◆ WORK TO BE COMPLETED
Reproduce all the entries exactly and keep the pictures out.

▬▬▬

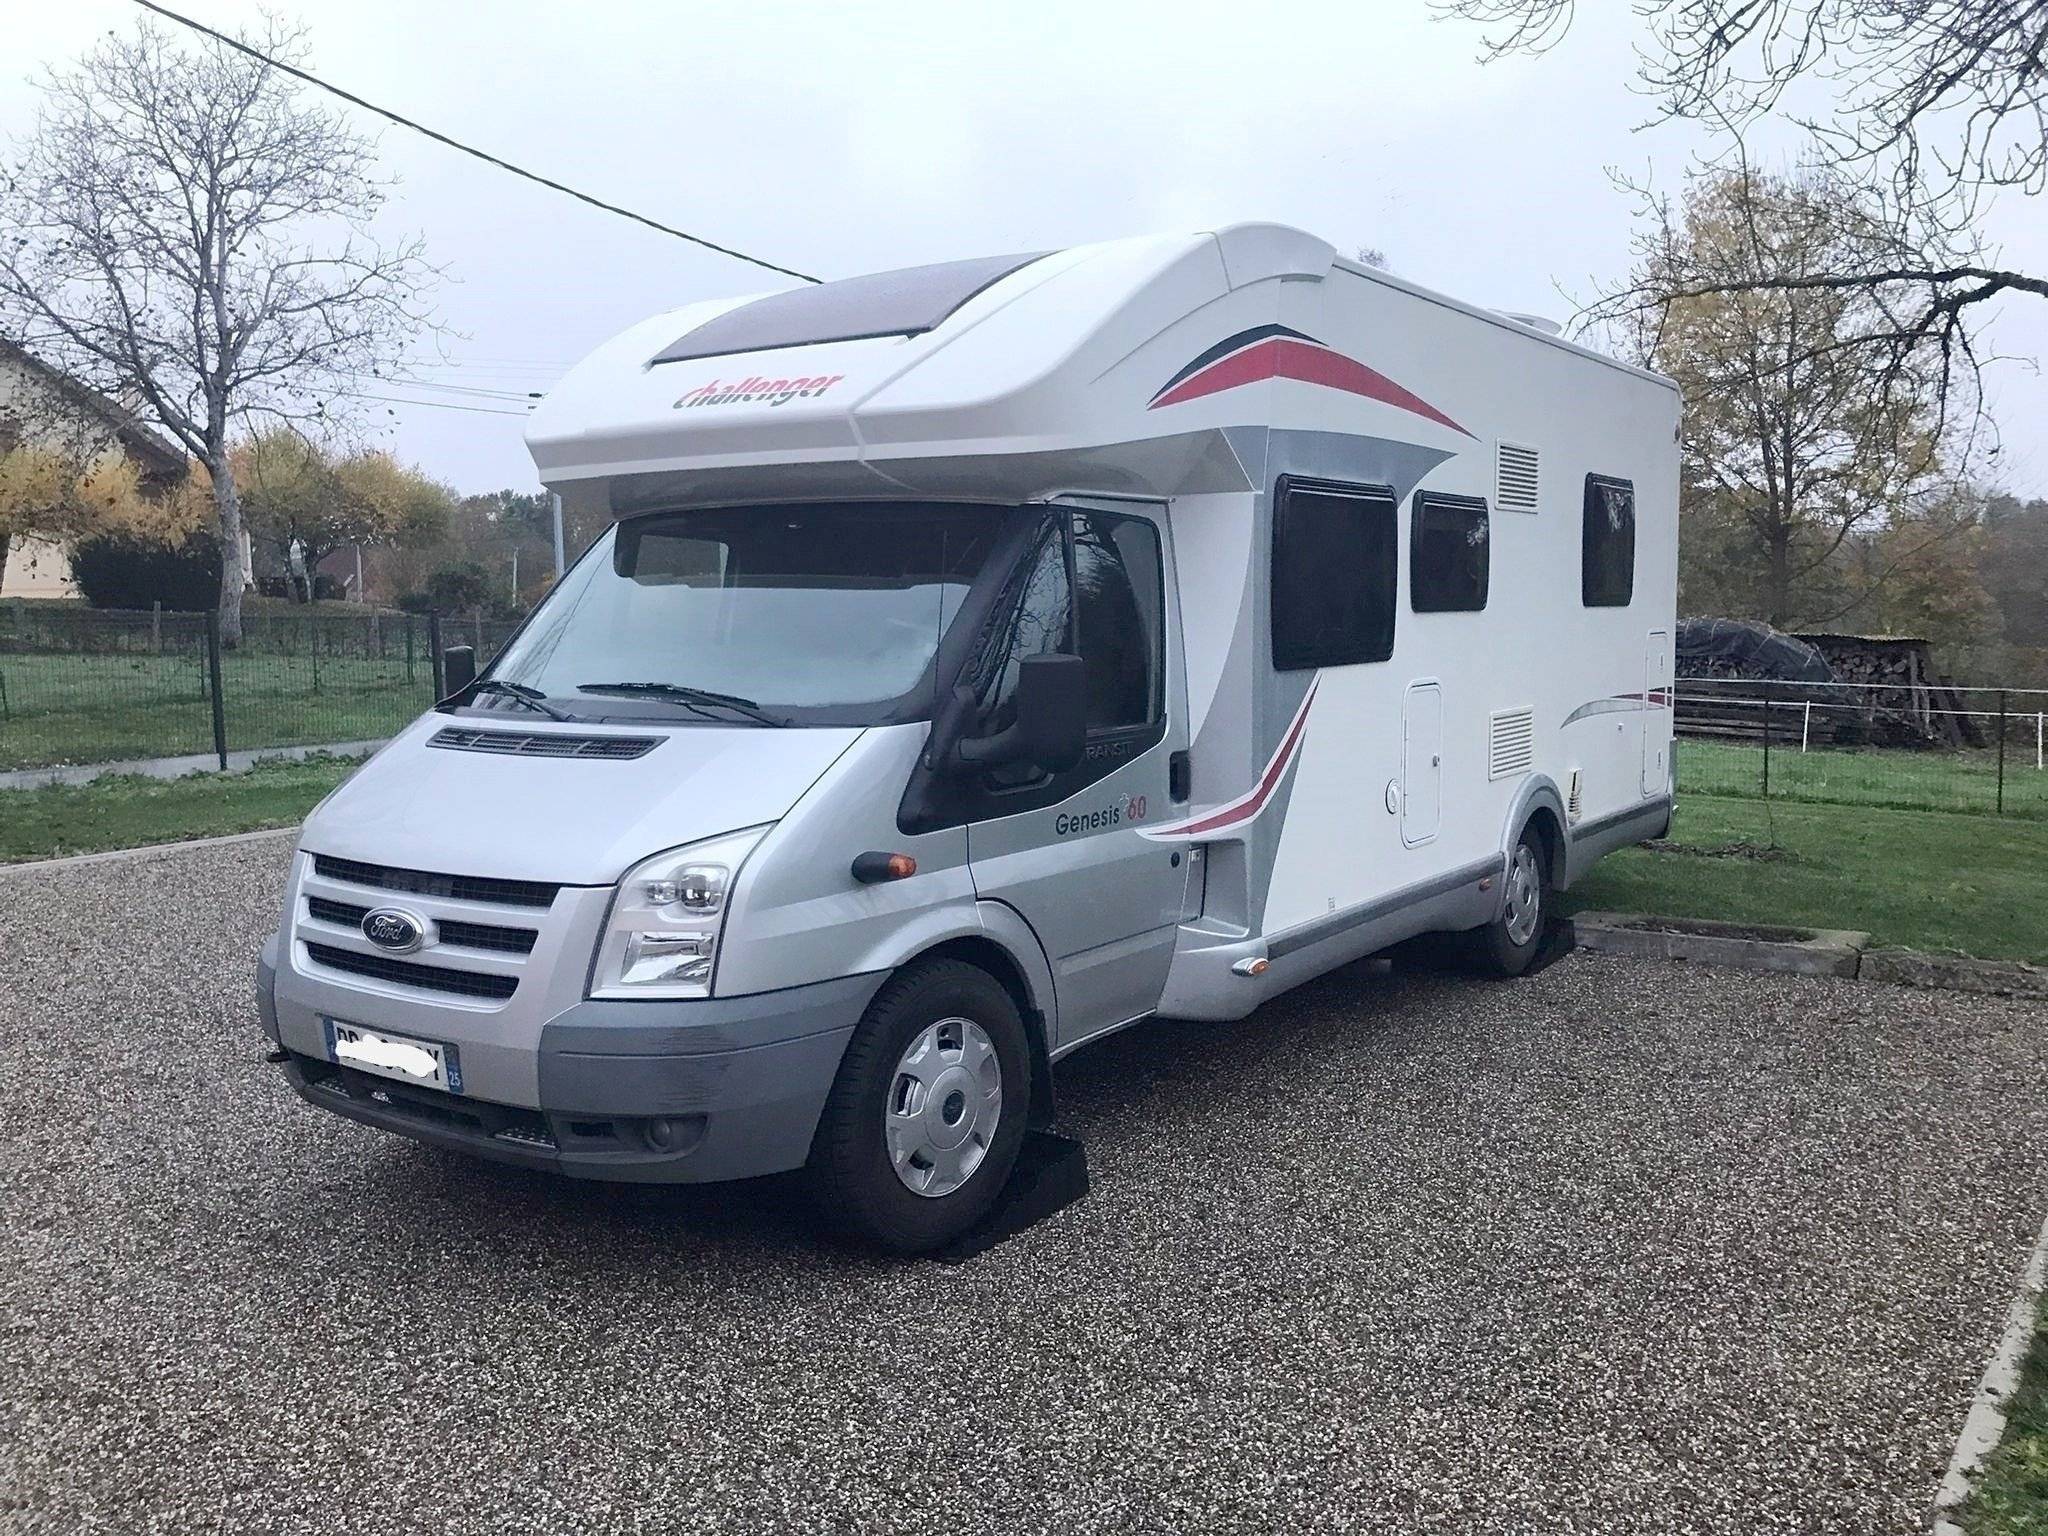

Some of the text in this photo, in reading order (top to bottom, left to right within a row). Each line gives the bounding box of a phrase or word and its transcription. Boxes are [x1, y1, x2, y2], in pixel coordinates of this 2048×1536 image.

[1083, 741, 1136, 760] RANSIT
[1055, 795, 1147, 836] Genesis 60
[370, 915, 404, 941] Ford
[449, 1071, 462, 1087] 25

▬▬▬

◆ REPLY
Some of the text in this photo, in reading order (top to bottom, left to right within a row). Each line gives the bounding box of a phrase or word and its transcription. Boxes are [x1, y1, x2, y2], in pixel coordinates of this 2048×1536 image.

[1083, 741, 1136, 760] RANSIT
[1055, 795, 1147, 836] Genesis 60
[370, 915, 404, 941] Ford
[449, 1071, 462, 1087] 25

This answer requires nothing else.